#### TASK TO CARRY OUT:
For this exercise, transcribe all the entries exactly as given and omit the images.
====== EXTRACTED DATA
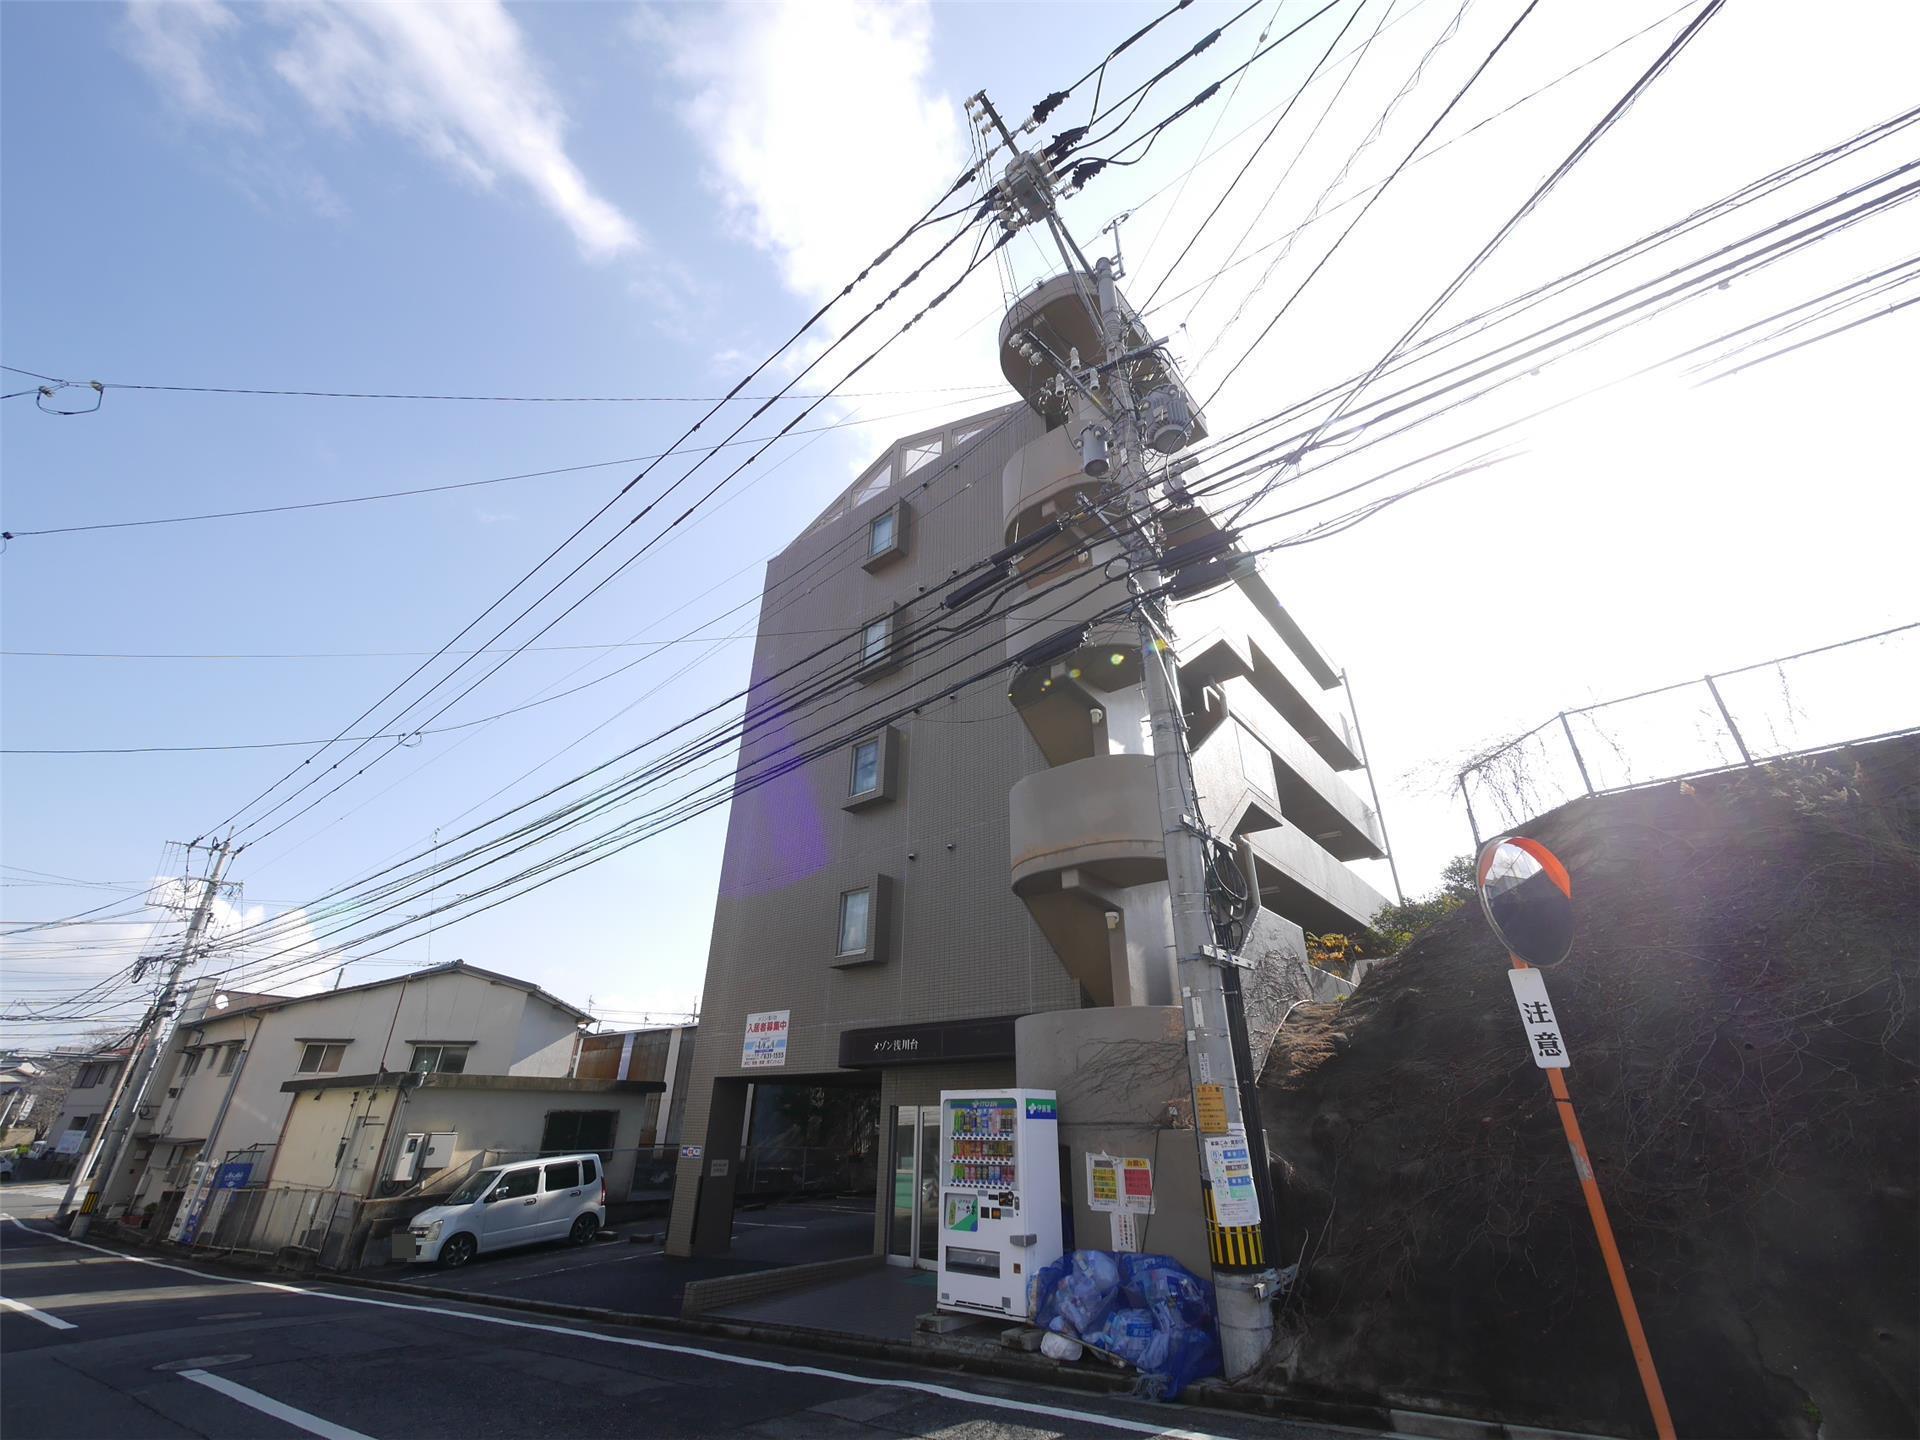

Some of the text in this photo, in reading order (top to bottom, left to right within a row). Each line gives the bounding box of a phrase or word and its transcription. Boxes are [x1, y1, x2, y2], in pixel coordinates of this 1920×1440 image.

[747, 1021, 787, 1033] 入居者募集中
[1523, 1001, 1562, 1057] 注意
[873, 1039, 919, 1051] メゾン浅川台
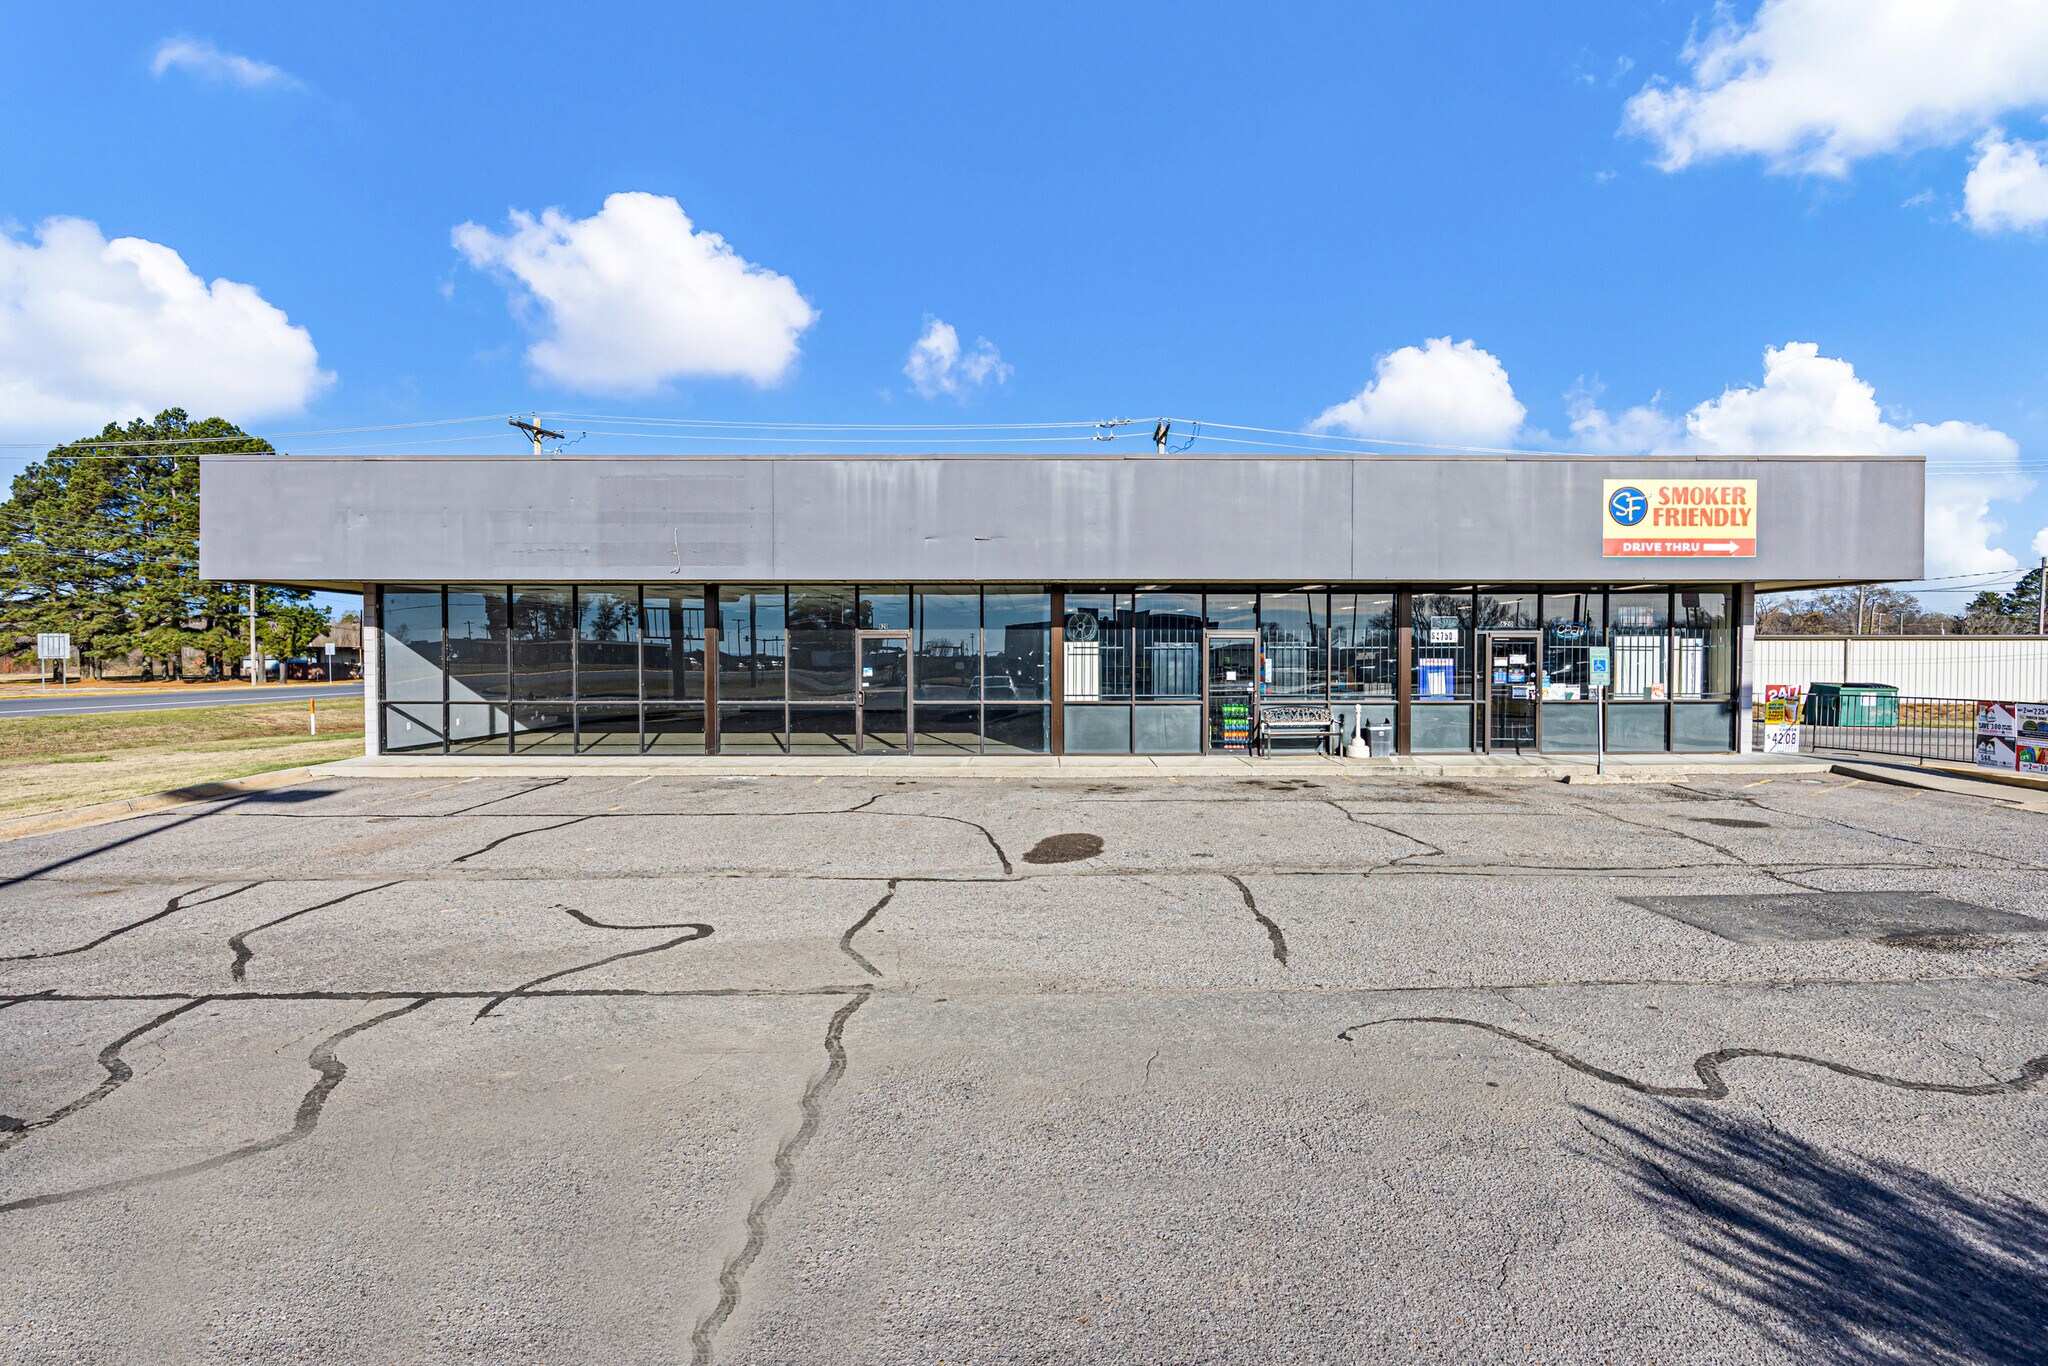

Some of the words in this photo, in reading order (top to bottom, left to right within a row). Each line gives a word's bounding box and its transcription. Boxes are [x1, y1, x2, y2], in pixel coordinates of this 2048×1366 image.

[1658, 486, 1747, 506] SMOKER
[1612, 491, 1648, 522] SF
[1653, 507, 1751, 527] FRIENDLY
[1623, 542, 1662, 552] DRIVE
[1665, 542, 1700, 552] THRU
============
#### RESULT OF THE TASK:
Some of the text in this photo, in reading order (top to bottom, left to right within a row). Each line gives the bounding box of a phrase or word and its transcription. Boxes are [x1, y1, x2, y2], in pixel coordinates of this 1920×1440 image.

[747, 1021, 787, 1033] 入居者募集中
[1523, 1001, 1562, 1057] 注意
[873, 1039, 919, 1051] メゾン浅川台

Some of the words in this photo, in reading order (top to bottom, left to right within a row). Each line gives a word's bounding box and its transcription. Boxes are [x1, y1, x2, y2], in pixel coordinates of this 2048×1366 image.

[1658, 486, 1747, 506] SMOKER
[1612, 491, 1648, 522] SF
[1653, 507, 1751, 527] FRIENDLY
[1623, 542, 1662, 552] DRIVE
[1665, 542, 1700, 552] THRU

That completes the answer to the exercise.